The Supreme Court has dismissed the appeal of Kanpur Electric Supply Co Ltd against the Allahabad high court judgment in its dispute with LML Ltd over power dues. The latter company which manufactures two-wheelers was undergoing financial crunch and therefore it asked the power supply company to reduce the load from 8 MVA to 1.2 MVA. It was allowed at a meeting of the two companies. Later LML was declared a ‘relief undertaking’ under the UP Industrial Undertaking (Special Provisions for Prevention of Unemployment) Act and a sick unit under the Sick Industrial Companies Act.

Though the supplier had agreed to provide a lesser load, it sent bills at the rate of the old consumption. LML challenged this in the high court which granted an order in its favour. The power supply company appealed to the Supreme Court, which dismissed its petition. The Supreme Court observed that “This case is an example of how a positive decision taken to help a struggling industry to find its feet can be scuttled by legalese, although an agreement had been reached between the parties regarding payment of the arrears in installments along with the dues, and despite the same being duly followed by the company.” The court also observed that “what is difficult to comprehend is the inscrutable manner in which decisions arrived at in common are sought to be negated on account of bureaucratic lethargy.”

Incable appeal dismissed
The Supreme Court has dismissed the appeal of Incable Net (Andhra) Ltd against the order of the Andhra Pradesh high court and the Company Law Board rejecting its plea to wind up a consortium established by the Andhra Pradesh government to provide broadband connectivity to the rural areas in the state. The government had formed a consortium, AP Aksh Broadband Ltd as a special purpose vehicle to implement its ambitious Rs 395 crore project to link its offices throughout the state.

Later, the partners fell out leading to company petitions for winding up the consortium on the ground of mismanagement and oppression of members.
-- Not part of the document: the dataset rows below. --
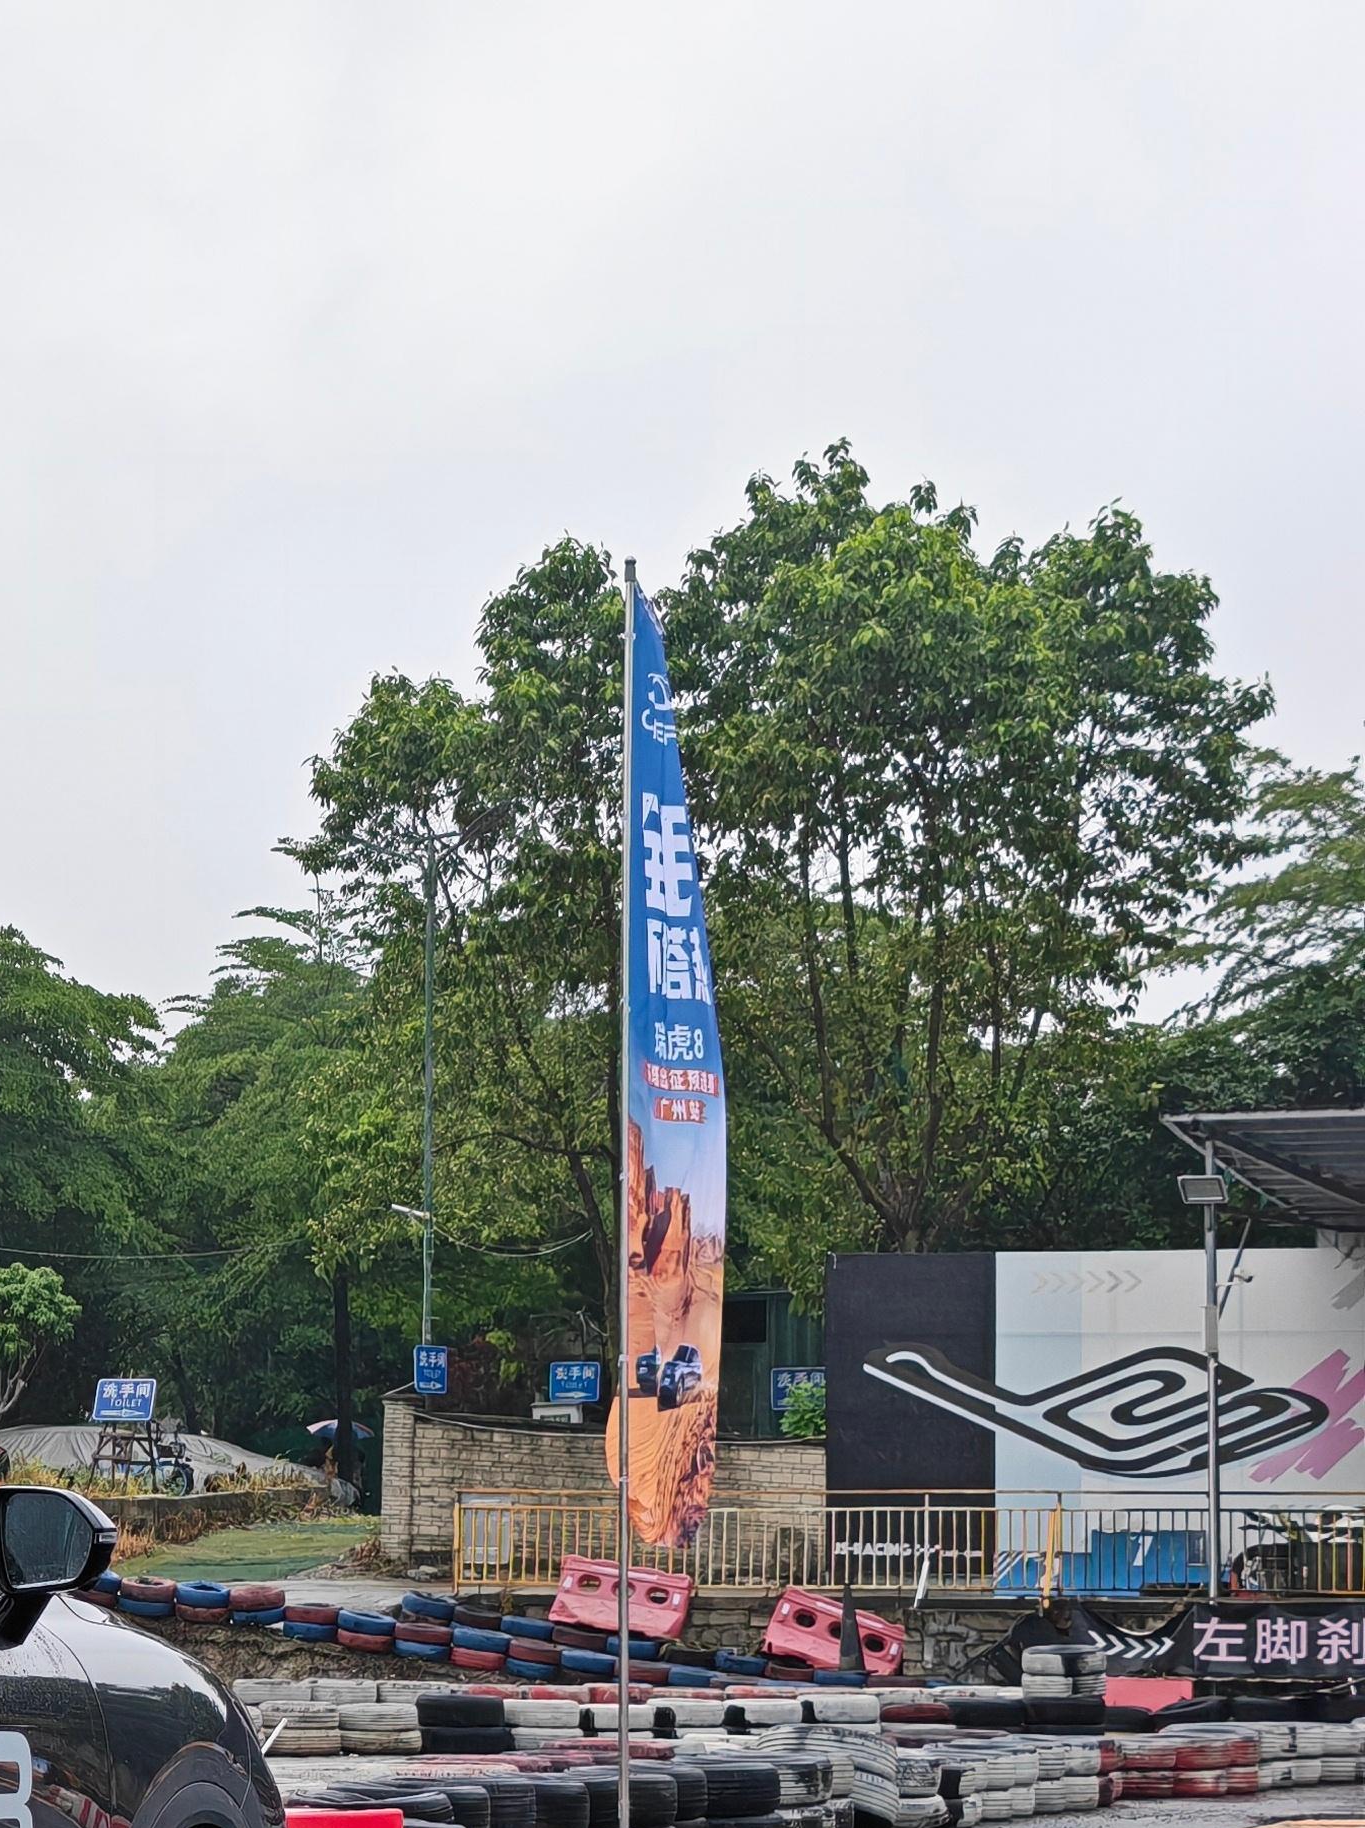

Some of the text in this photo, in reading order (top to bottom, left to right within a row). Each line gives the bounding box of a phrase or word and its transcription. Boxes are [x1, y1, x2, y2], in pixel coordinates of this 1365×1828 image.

[102, 1382, 151, 1398] 洗手间
[1193, 1616, 1365, 1664] 左脚刹
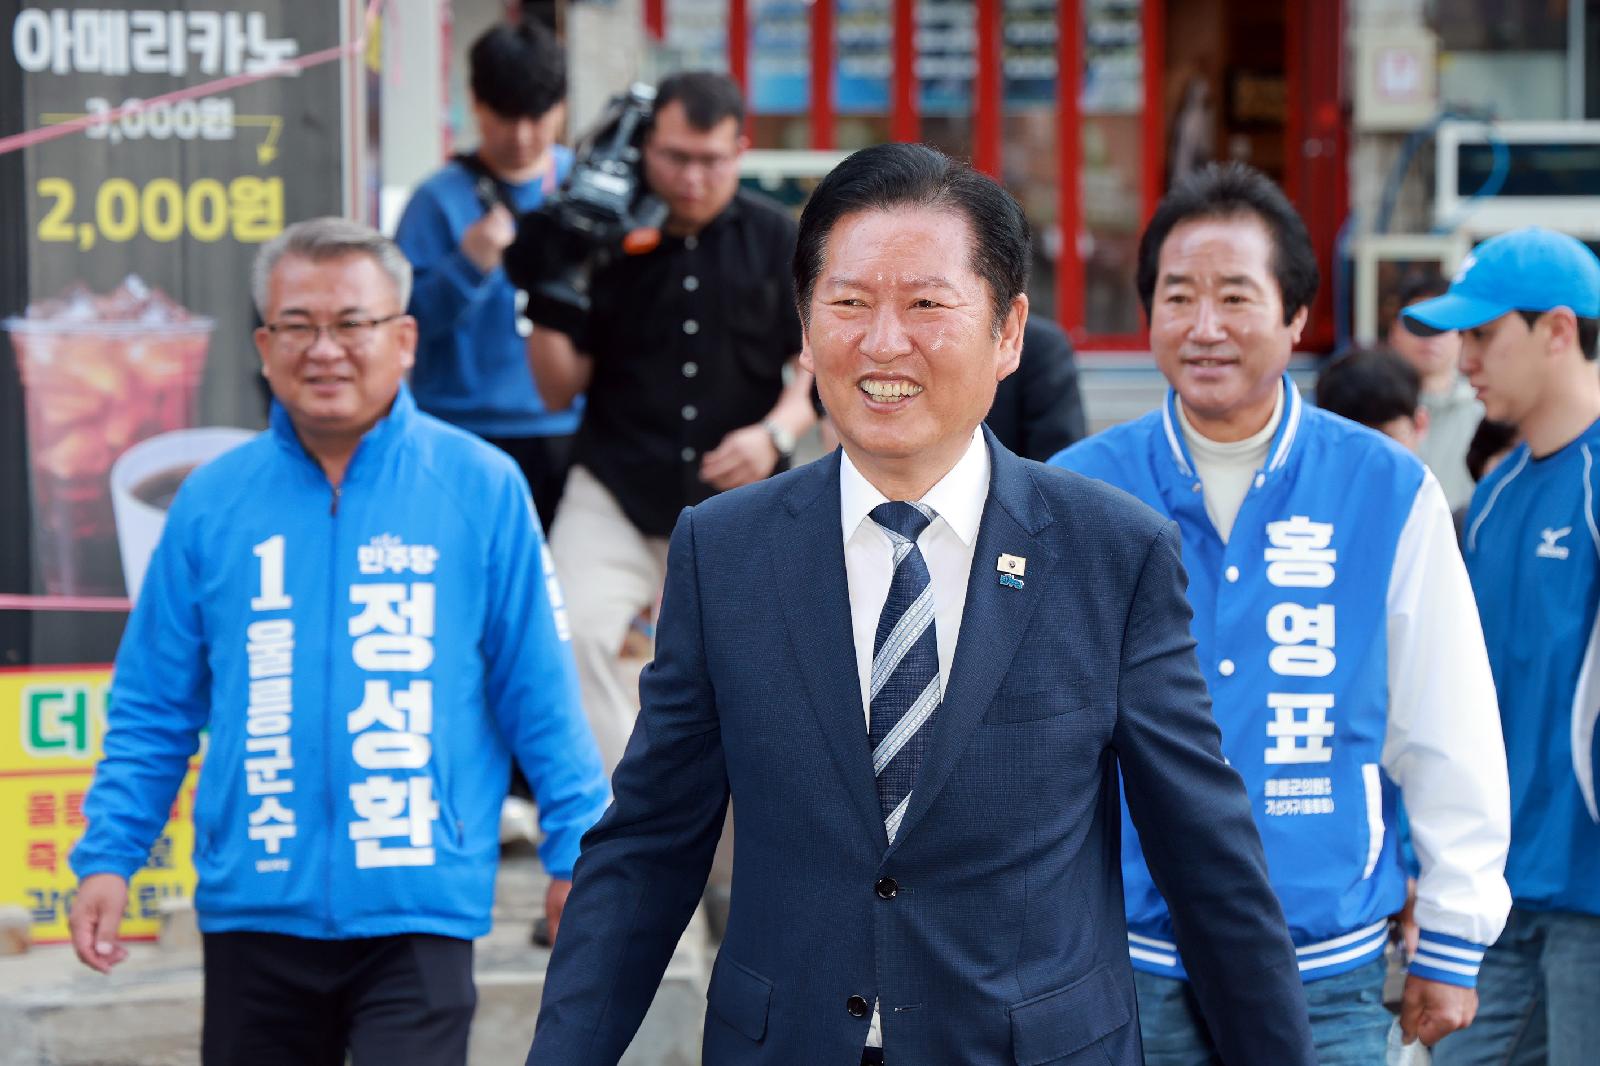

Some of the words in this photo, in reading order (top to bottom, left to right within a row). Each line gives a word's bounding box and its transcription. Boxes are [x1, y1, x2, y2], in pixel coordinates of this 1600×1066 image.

[13, 9, 301, 76] 아메리카노
[85, 97, 235, 144] 3,000원
[37, 176, 284, 251] 2,000원
[253, 534, 293, 611] 1
[357, 543, 440, 574] 민주당
[1264, 515, 1337, 764] 홍영표
[244, 618, 296, 854] 울릉군수
[347, 582, 440, 870] 정성환
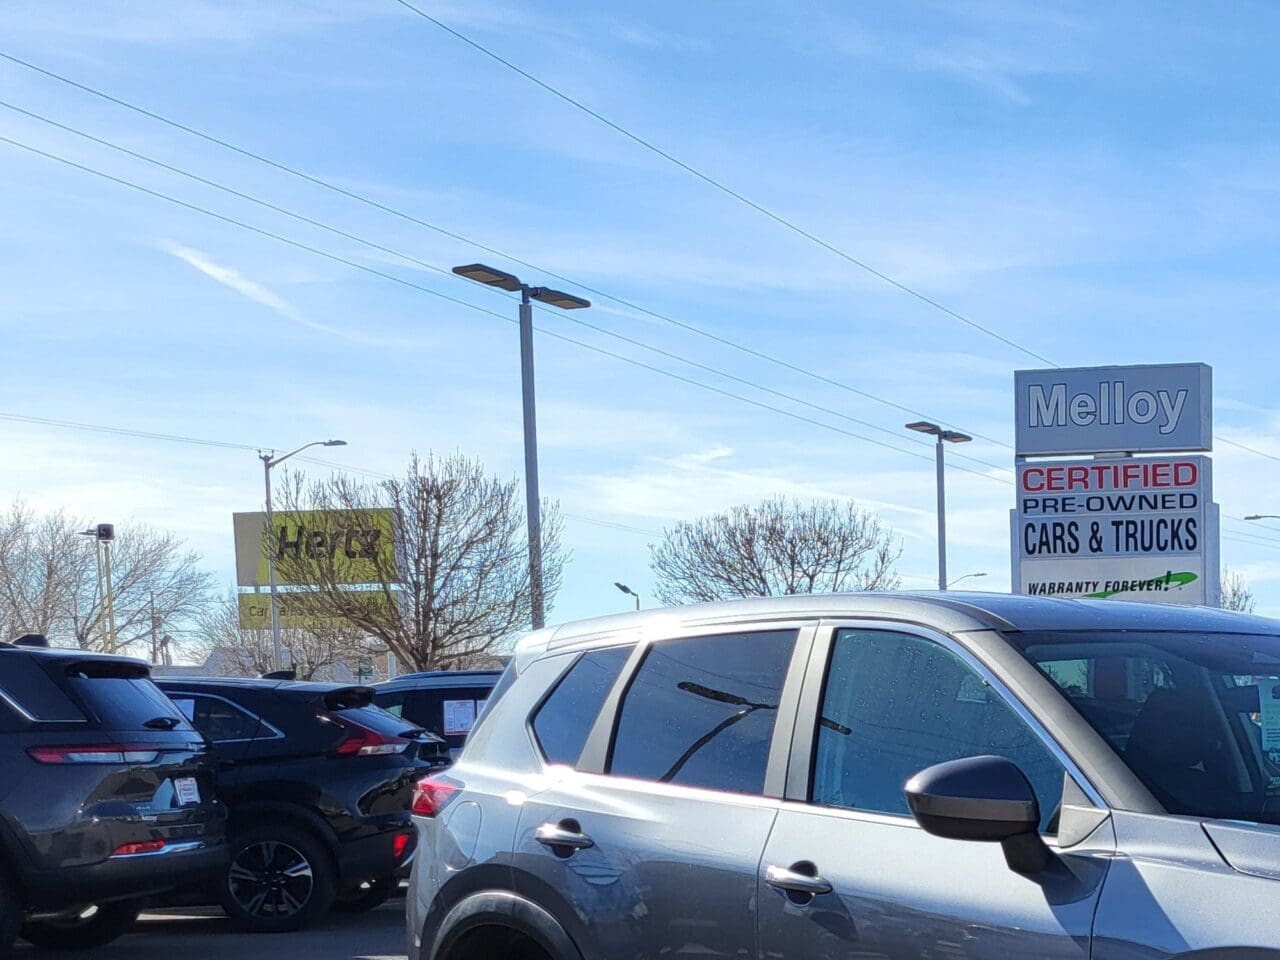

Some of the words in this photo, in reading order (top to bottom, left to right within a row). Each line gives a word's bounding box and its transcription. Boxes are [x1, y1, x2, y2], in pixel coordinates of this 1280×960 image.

[1028, 381, 1188, 434] Melloy
[1022, 462, 1198, 492] CERTIFIED
[1023, 493, 1198, 513] PRE-OWNED
[278, 526, 381, 560] Hertz
[1024, 521, 1080, 555] CARS
[1088, 521, 1103, 553] &
[1111, 517, 1198, 553] TRUCKS
[1028, 581, 1100, 595] WARRANTY
[1104, 570, 1171, 593] FOREVER!
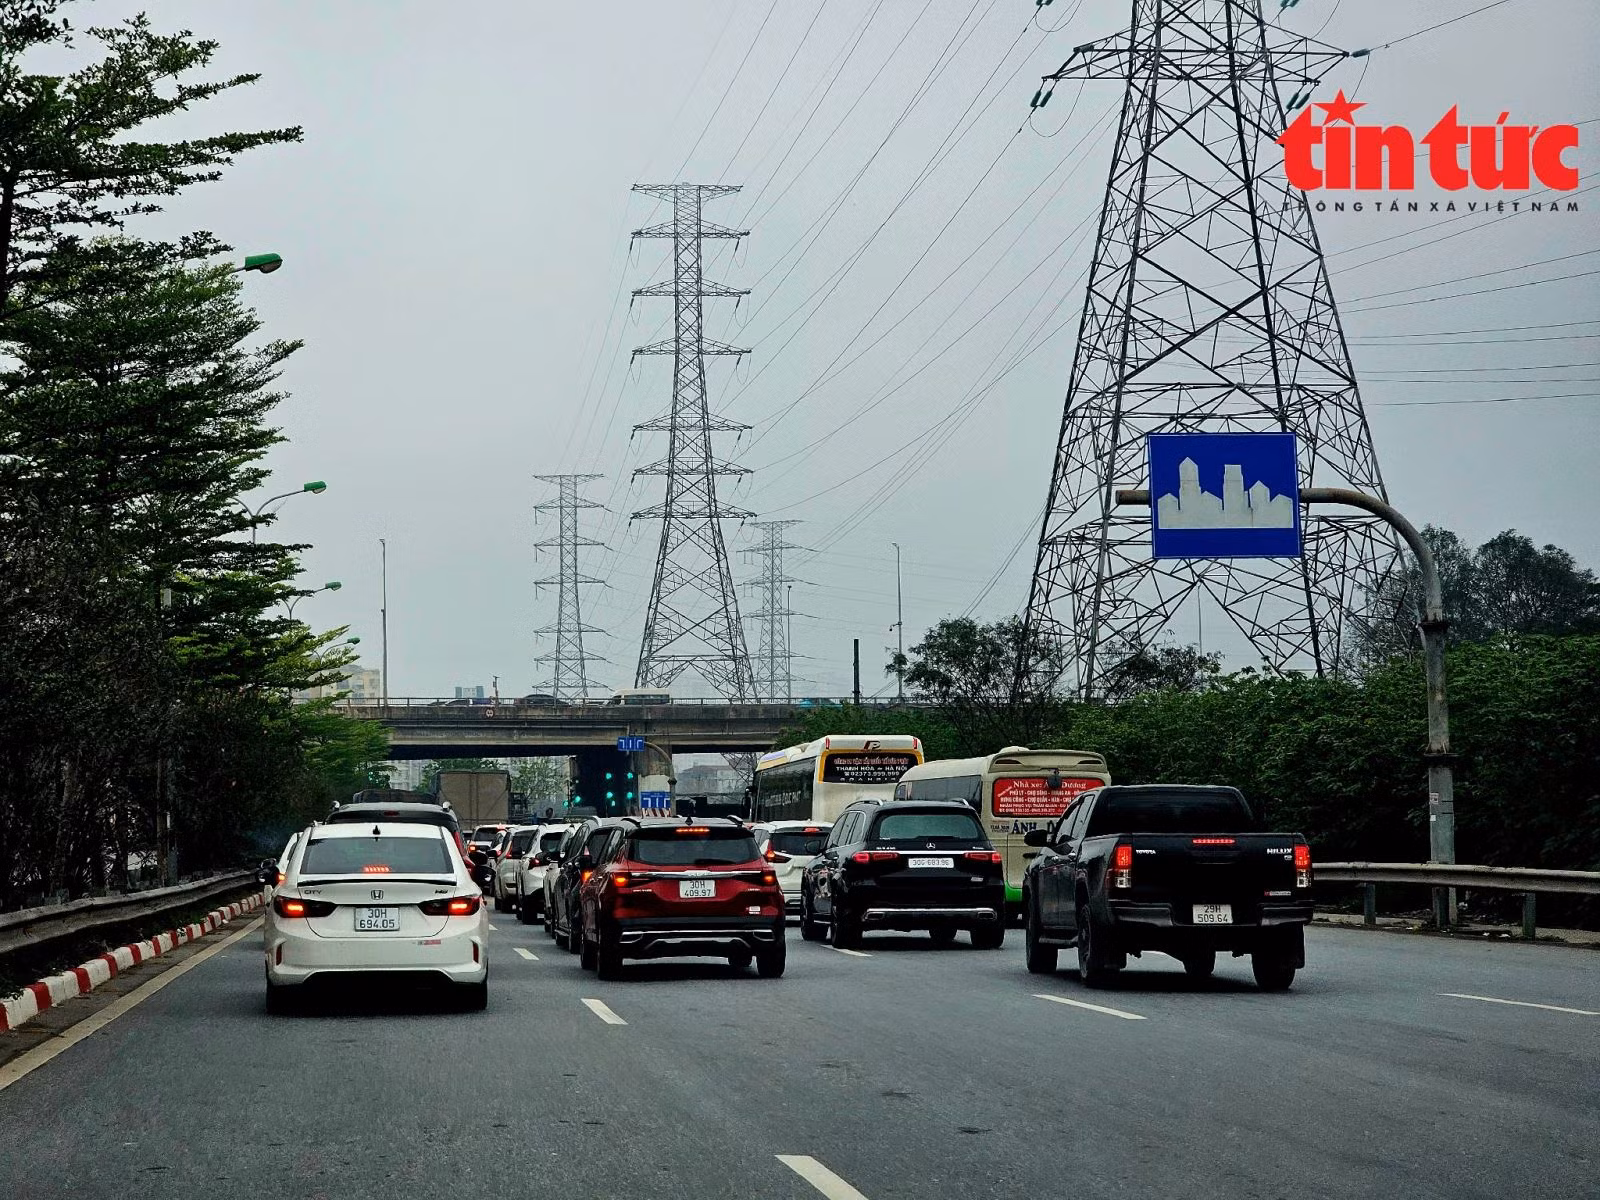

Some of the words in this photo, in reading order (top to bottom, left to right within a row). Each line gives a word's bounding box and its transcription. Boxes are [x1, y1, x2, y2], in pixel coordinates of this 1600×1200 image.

Dismissing the appeal of Incable, one of the partners in the consortium, the Supreme Court observed that “we are not inclined to interfere with the orders of the HC or the CLB, since we are not satisfied that any act of oppression or mismanagement within the meaning of section 397, 398, 402 and 403 of the Companies Act has been made out against the majority shareholder, which would justify making of a winding up order.” The judgement stressed that breach of contract with regard to supply of materials, as alleged, would not constitute the ingredients of the provisions for winding up a company.

Apex court refuses to entertain defamation suit
The Supreme Court has dismissed the petition of US-based Chartered Financial Analysts Institute chief Jeffrey J Diermeier seeking a stay on defamation proceedings against him by his former Indian partner, Institute of Chartered Financial Analysts of India. The case was filed by the Indian unit for publishing notices warning industry against the CFA programme launched by ICFAI. CFAI and ICFAI are battling over a course of Chartered Financial Analyst (CFA) in India under a licence agreement entered into between them in 1985. The dispute started in 1997 over the word ‘CFA’ and it has since been fought in the Delhi and Calcutta high courts.

‘Single arbitrator faster than panel’
In an arbitration dispute, the intention of the parties as reflected in the agreement should be followed, a division bench of the Delhi high court stated last week while setting aside the order of the single judge bench in a dispute between Prime Industries and Seil Ltd. In this case, the agreement stated that in case of disputes, they shall be referred to a sole arbitrator according to the rules of the Indian Council of Arbitration.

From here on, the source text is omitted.